In this study, we compared cytotoxicity of cleavable (DOXO) and non-cleavable (ncDox) doxorubicin derivatives delivered by ELP biopolymers in drug-sensitive MCF-7 cancer cells and the drug-resistant cancer cell line NCI/ADR [17,18]. We tested the hypothesis that when ncDox is conjugated to the ELP biopolymer containing a lysosomally degradable GFLG spacer, the drug delivery construct will be more equally toxic to sensitive and resistant cell lines, compared to free dox. We expect the biopolymer constructs to deliver dox into cells by a mechanism that circumvents drug resistance. In order to characterize this drug delivery system, proliferation experiments were performed in dox-responsive and dox-resistant cell lines. We examined subcellular localization of dox using confocal microscopy. To investigate the mechanisms of action, we also measured cell cycle distribution and apoptosis using flow cytometry.

2. Results

2.1. Design of ELP-Based Drug Delivery Macromolecule

ELP-based biopolymer drug carriers were designed to deliver doxorubicin derivatives into cancer cells. A schematic of this drug delivery system is shown in Figure 1.

Figure 1.

Figure 1

Conceptualization of the biopolymer drug delivery system. It consists of elastin-like polypeptide, cell penetrating peptide (SynB1), a cleavable linker to enable dox release in the targeted environment, and a derivative of doxorubicin.

Due to its macromolecular size (60 kDa), ELP conjugation improves dox pharmacokinetics by reducing its clearance. Moreover, ELP is thermally responsive, which could allow this molecule to be targeted to the tumor site in vivo, by applying mild hyperthermia. Dox derivatives were attached to ELP by specific biochemical linkers, either an acid-cleavable hydrazone or an amino acid sequence (GFLG) that serves as a substrate for lysosomal enzymes. A cell penetrating peptide was included in the constructs to improve cellular uptake. SynB1 was chosen as the CPP because it has been shown to effectively deliver ELP conjugates to the cells with low inherent toxicity [19].
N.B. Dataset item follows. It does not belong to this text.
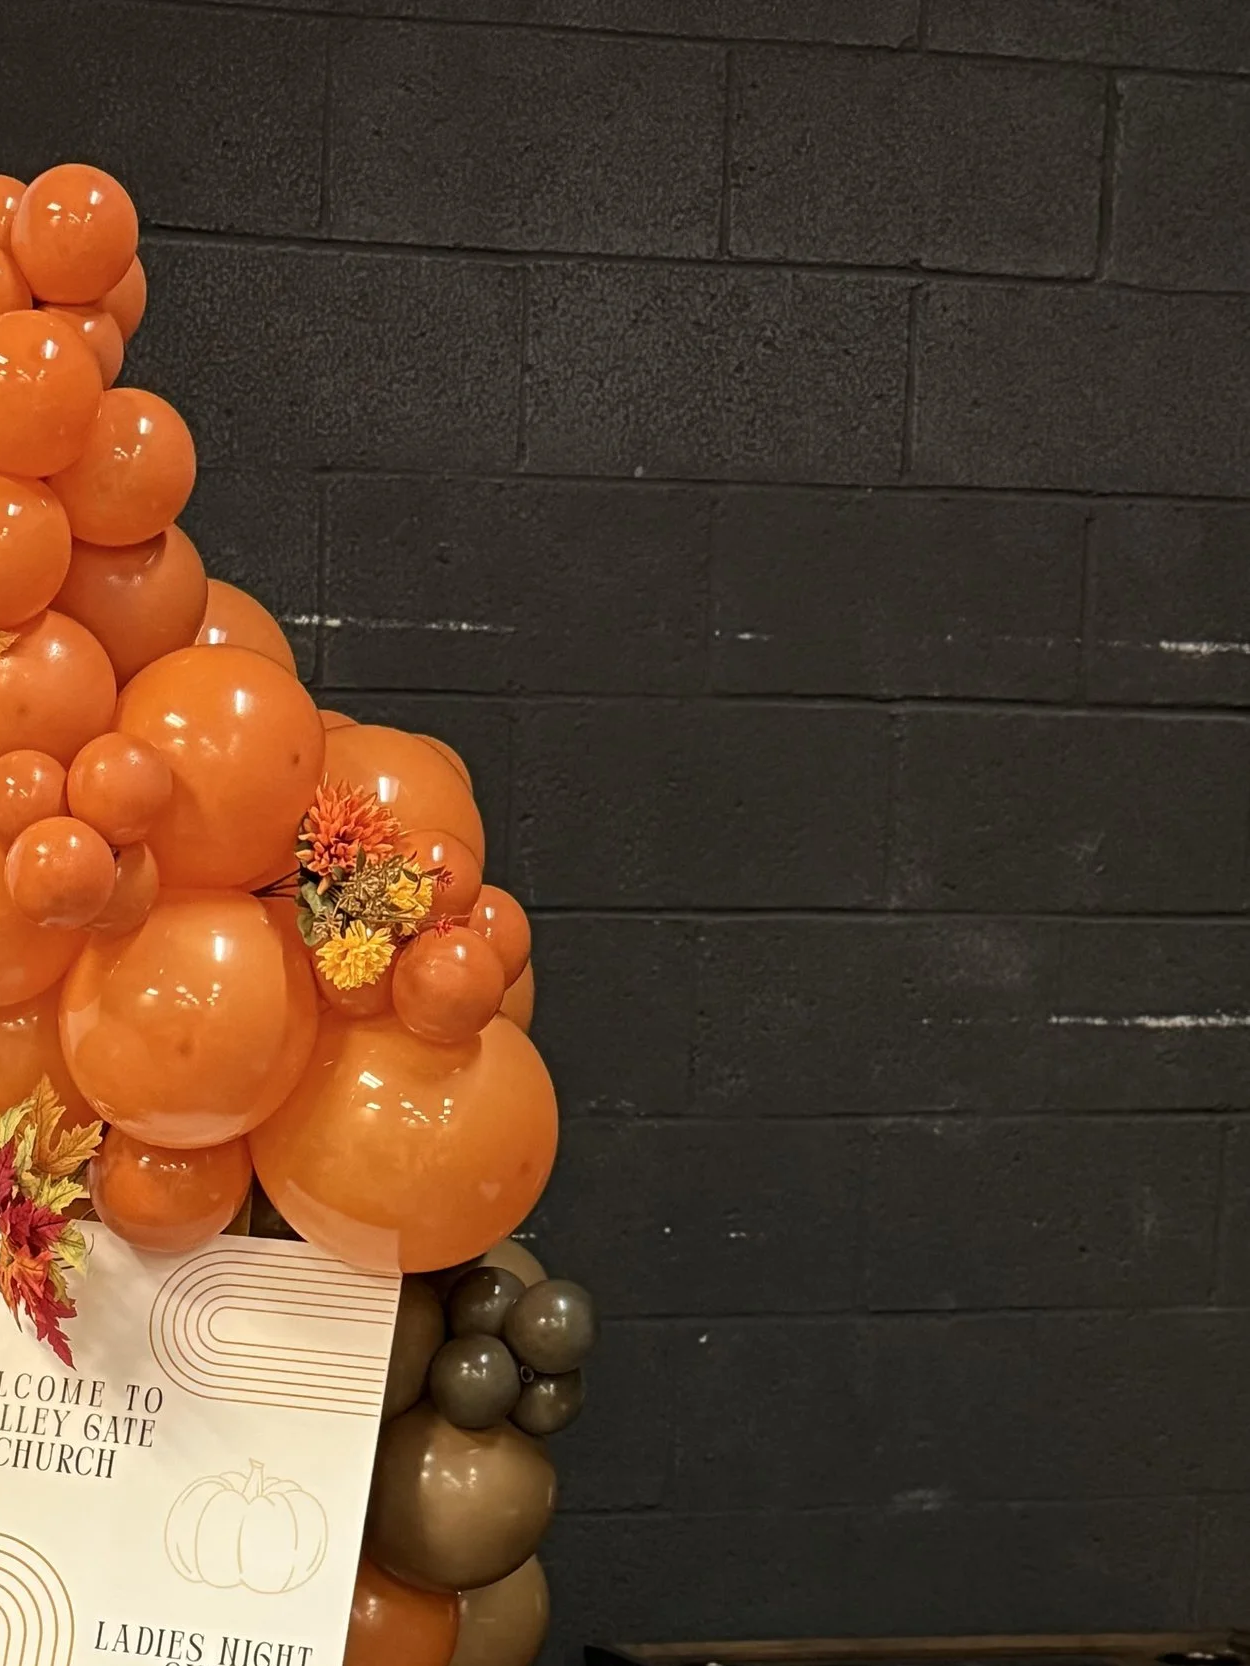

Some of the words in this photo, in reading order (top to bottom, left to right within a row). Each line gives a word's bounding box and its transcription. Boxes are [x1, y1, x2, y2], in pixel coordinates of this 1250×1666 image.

[125, 1383, 164, 1414] TO
[83, 1412, 157, 1448] GATE
[94, 1620, 206, 1663] LADIES
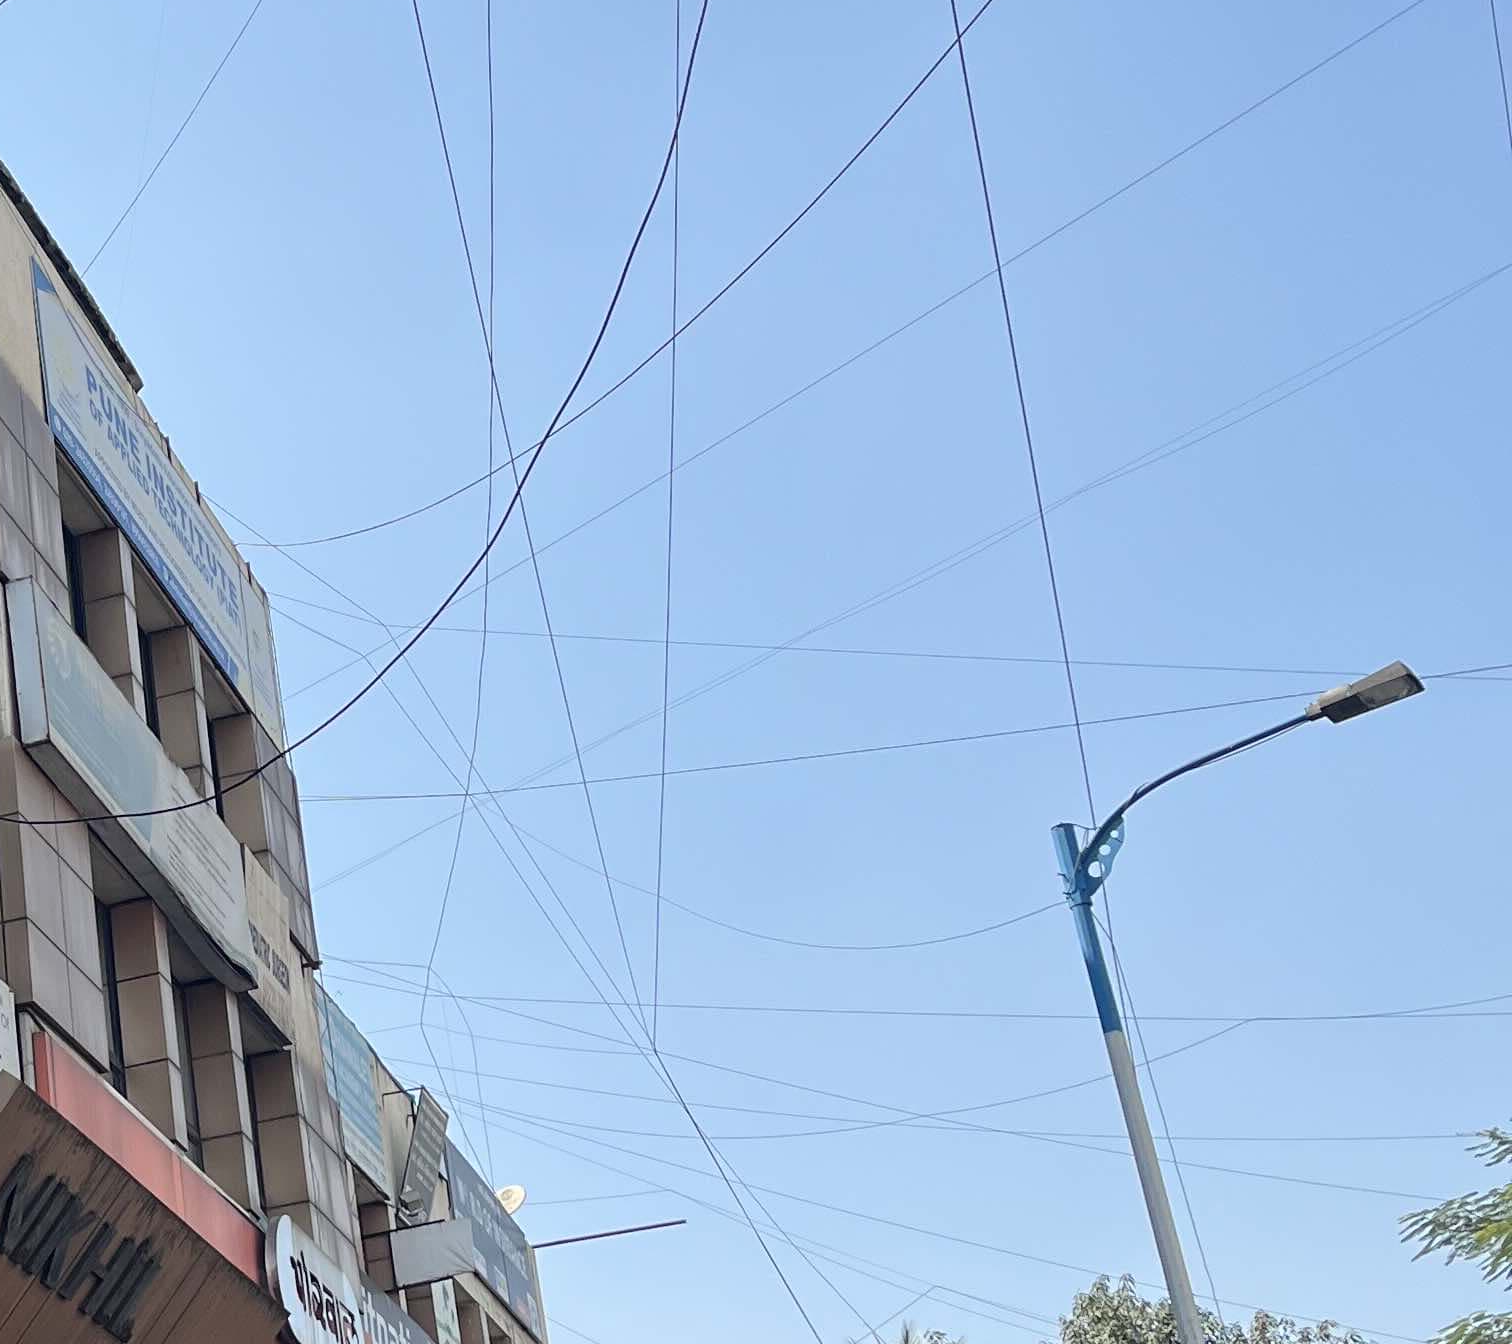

2.2. Comparison of Cytotoxic Effects of Several Drug Delivery Systems vs. Free Dox

Cytotoxicities of free dox and biopolymer drug delivery vehicles SynB1-ELP-DOXO and SynB1-ELP-GFLG-NCDox were measured by cell survival (Figure 2). After 72 h of treatment, IC50s (the concentration of drug required for 50% inhibition of proliferation) were determined (summarized in Table 1). Results indicate that the anti-proliferative effect of SynB1-ELP-DOXO is comparable to that of free doxorubicin in MCF-7 breast cancer cells. In doxorubicin-resistant NCI/ADR cells, SynB1-ELP-DOXO demonstrated high cytotoxicity, with an IC50 of 12.4 µM, nearly as toxic as free doxorubicin. While SynB1-ELP-GFLG-NCDox had higher IC50s compared to the other treatments in vitro, free dox required a 100-fold concentration increase to achieve the same toxicity in NCI/ADR compared to MCF7, but SynB1-ELP-GFLG-NCDox achieved equal toxicity in the resistant cell line with only a four-fold increase in concentration.

Figure 2.

Figure 2

Cell viability assays in MCF-7 (A) and NCI/ADR (B) with variable doses of free doxorubicin, SynB1 ELP DOXO, and SynB1 ELP GFLG-ncDox. Doses (nM) have been converted to logarithmic scale (X-axis).

Table 1.

Comparison of IC50 Values (μM).

MCF-7 NCI/ADR
Free Doxorubicin 0.089 ± 0.0182 8.029 ± 1.046
SynB1 ELP DOXO 0.143 ± 0.0387 12.414 ± 2.761
SynB1 ELP GFLG-NCDox 13.82 ± 1.638 60.169 ± 9.934

To compare the efficacy of the inhibition of proliferation between different constructs, proliferation experiments were repeated with dox equivalent concentrations of 0.6 and 1.7 µM for MCF-7, and 15 and 45 µM for NCI/ADR. Figure 3A shows that free doxorubicin and SynB1-ELP-DOXO have similar toxicity in MCF-7 cells, with SynB1-ELP-GFLG-NCDox showing less inhibition. In NCI/ADR cells (Figure 3B), treatment with free doxorubicin resulted in 34% survival with 15 µM drug and 9% at 45 µM, and the survival numbers for SynB1-ELP-DOXO were 47% and 34%, respectively. Survival percentages in MCF7 decreased proportionally as the doses increased in all three treatments. However, the difference in NCI/ADR cell survival between SynB1-ELP-GFLP-NCDox and SynB1-ELP-DOXO treatments narrowed substantially when the dose was increased from 15 to 45 µM, dropping from a 39% difference at 15 µM to a 22% survival difference at the higher dose.

Figure 3.

Figure 3

Cell viability assay. MCF-7 (A) and NCI/ADR (B) cells were treated with constructs carrying dox or free dox. Viability was determined on day 3 using the CellTitter Glo luminescent cell viability assay. One-way ANOVA with Bonferroni’s comparison test was performed using GraphPad Prism version, and p-values are shown.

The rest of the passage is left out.